Beide prägen mit ihrem Sinn für raffiniert eingesetzte Rhythmen und musikalischen Raum einen Gutteil der 13 Stücke. So verwandeln sie etwa „Joc de Leagane“ in ein Stück imaginäre Folklore: Mit geheimnisvoll gehauchten Flötentönen und sanft perlender Gitarre transportieren sie das Schlaflied in einen verwunschen Ort der Fantasie.
Mächtige Bass-Fundamente
Philipp Wolfart verankert das Ensemble souverän mit mächtigen Kontrabass- Fundamenten. Ein ums andere Mal öffnet er damit abgründige Tiefen; fast ein wenig in der Art des legendären Jazz-Bassisten Charlie Haden steigt er hinab in sinistre Szenerien der menschlichen Psyche. Neben dem bereits erwähnten Jörg Teichert an der Slide-Gitarre setzen als Gäste Cordula Reiner-Wormit (Harfe), Elisa Herbig (Cello) und Jochen Satt (Gongs, Bambusflöte) klangmalerische Akzente.
Bis als versteckter „hidden track“, also ein nicht aufgelistetes Bonusstück, ein Mitsinglied für alle Zuhörenden die CD beschließt, schillert die Musik auf „Kantoj“ 63 Minuten lang opulent in prächtiger Farbenvielfalt.
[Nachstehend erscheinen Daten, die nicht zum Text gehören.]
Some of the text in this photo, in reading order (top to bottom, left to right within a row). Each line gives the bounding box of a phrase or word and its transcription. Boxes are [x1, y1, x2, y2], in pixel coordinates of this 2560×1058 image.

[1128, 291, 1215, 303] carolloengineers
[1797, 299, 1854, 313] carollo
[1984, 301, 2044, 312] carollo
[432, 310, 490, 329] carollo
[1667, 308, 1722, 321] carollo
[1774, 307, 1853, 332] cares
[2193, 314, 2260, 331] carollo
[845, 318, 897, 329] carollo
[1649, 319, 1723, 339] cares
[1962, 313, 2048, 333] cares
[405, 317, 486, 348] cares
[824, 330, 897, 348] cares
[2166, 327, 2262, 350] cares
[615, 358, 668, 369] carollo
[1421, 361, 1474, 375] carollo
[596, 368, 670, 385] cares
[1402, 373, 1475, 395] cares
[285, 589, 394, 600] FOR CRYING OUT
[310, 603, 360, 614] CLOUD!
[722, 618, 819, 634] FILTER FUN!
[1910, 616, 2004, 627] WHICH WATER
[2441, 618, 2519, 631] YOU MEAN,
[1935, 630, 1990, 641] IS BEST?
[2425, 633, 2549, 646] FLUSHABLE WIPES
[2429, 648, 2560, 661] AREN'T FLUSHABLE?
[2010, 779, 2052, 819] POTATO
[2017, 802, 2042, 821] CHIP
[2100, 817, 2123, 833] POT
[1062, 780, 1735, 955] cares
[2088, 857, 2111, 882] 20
So lange darf der Traum von der Weltumarmung seine Faszination entfalten – ein schöner Traum. Aber letztlich wohl auch eine äußerst zerbrechliche Illusion.
© Mannheimer Morgen, Freitag, 26.07.2019
mehr über die Musiker
Als Kind kam Jutta Glaser schon früh mit seltenen Klängen der Instrumentenwelt in Kontakt: Der Vater spielte Singende Säge, der Großvater Akkordeon. Die Mutter wurde "Die weiße Taube" genannt (weil sie wohl gurrte wie ein Täubchen?). Aufgewachsen in einer Großfamilie und geprägt von der kleinen katholischen Gemeinde wurde alles Hörbare und Unerhörte aufgenommen. Das Stimmband als Tonband: die sakralen Gesänge in der Kirche, wie die Natur und die Volksweisen, die Schlager, Rock, Jazz und klassische Musik aus dem Radio.All diese Eindrücke vermischten sich, wurden verwahrt und später verändert ins Leben zurückgesungen.
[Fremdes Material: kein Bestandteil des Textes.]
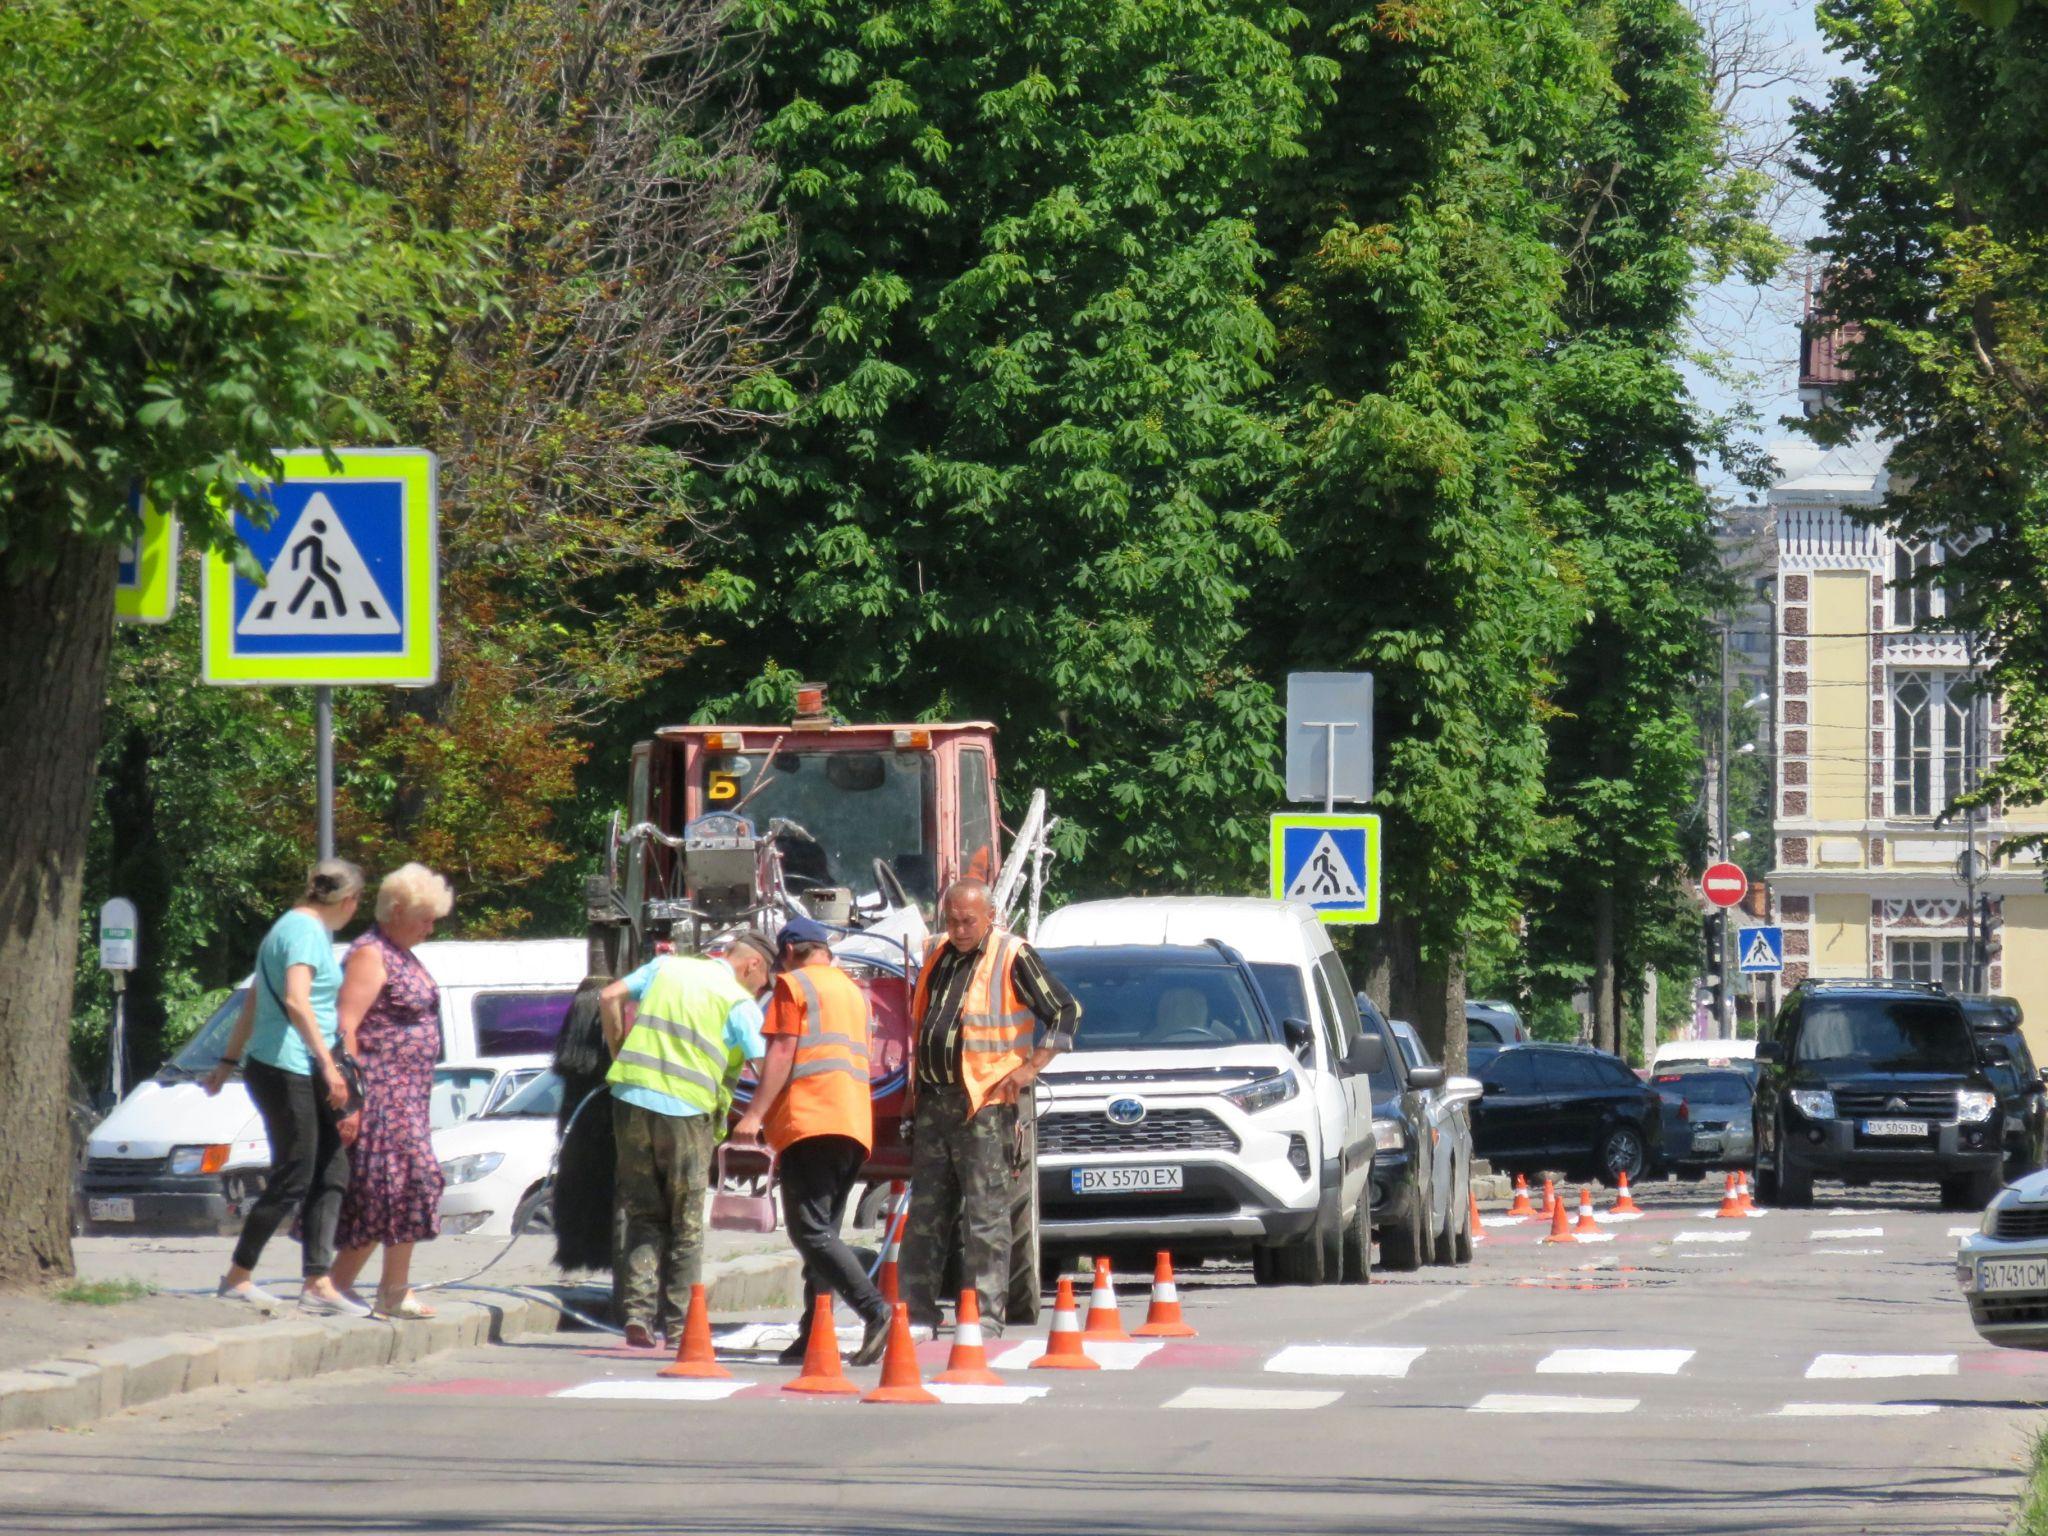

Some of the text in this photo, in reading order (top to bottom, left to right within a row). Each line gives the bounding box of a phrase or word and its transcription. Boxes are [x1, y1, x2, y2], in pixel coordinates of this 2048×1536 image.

Heute ist Jutta Glaser funktionale Stimm- und Atemtypen-Trainerin und Stegreif-Coach. Seit über 25 Jahren singt sie in verschiedenen Formationen. Zusammenarbeit mit Horst Jankowski, Bill Ramsey, Günter Lenz, David Friesen und Lembit Saarsalu, Michael Koschorreck, Jochen Brauer, Frederic Hormuth und vielen anderen.
Duo mit Claus Boesser-Ferrari, Trio mit Zélia Fonseca und Angela Frontera.
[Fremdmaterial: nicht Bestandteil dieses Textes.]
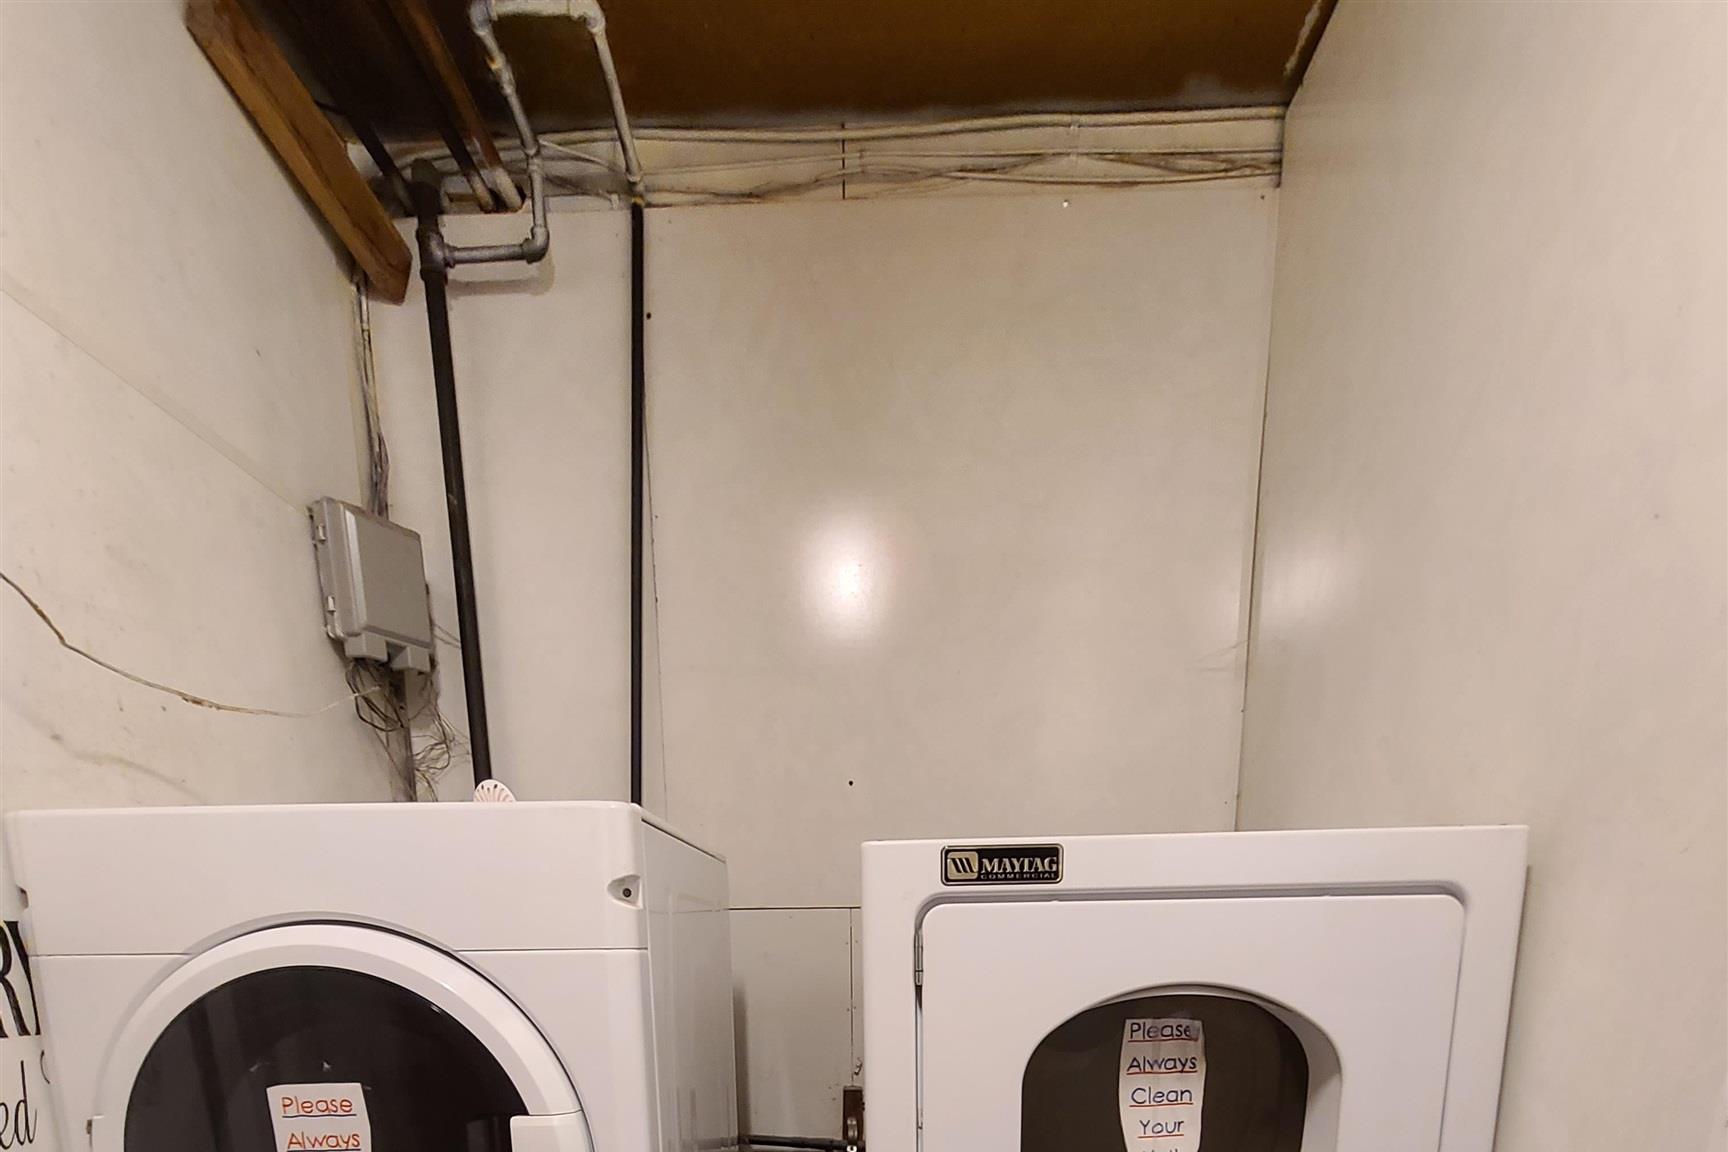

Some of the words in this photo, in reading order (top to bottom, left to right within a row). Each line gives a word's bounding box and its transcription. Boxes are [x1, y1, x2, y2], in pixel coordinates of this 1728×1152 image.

[980, 857, 1058, 873] MAYTAG
[1129, 1022, 1193, 1040] Please
[1127, 1056, 1198, 1073] Always
[1131, 1086, 1193, 1105] Clean
[281, 1096, 353, 1114] Please
[1139, 1119, 1185, 1135] Your
[287, 1131, 361, 1150] Always
Zusammenarbeit mit Bernhard Sperrfechter (git) und Erwin Ditzner (dr), Projekt mit Heidi Aydth (Piano), Projekt mit Dichtern "Fromaasch" (Poesie und Musik).
Zusammenarbeit mit "Söhne Mannheims", „Bigband 70”, „Rhine-Stream Jazzband”, Corinna Clack, Thomas Siffling.
Mehrere CD-Produktionen, Tourneen in Neuseeland, Estland, Rußland und vielen anderen europäischen Ländern, u.a. mit dem Targa Novoje Mond Trio.
Auftritte in Varietes, Festivals, Funk und Fernsehen.
Jutta Glaser lebt in Leimen bei Heidelberg mit Mann und Tochter.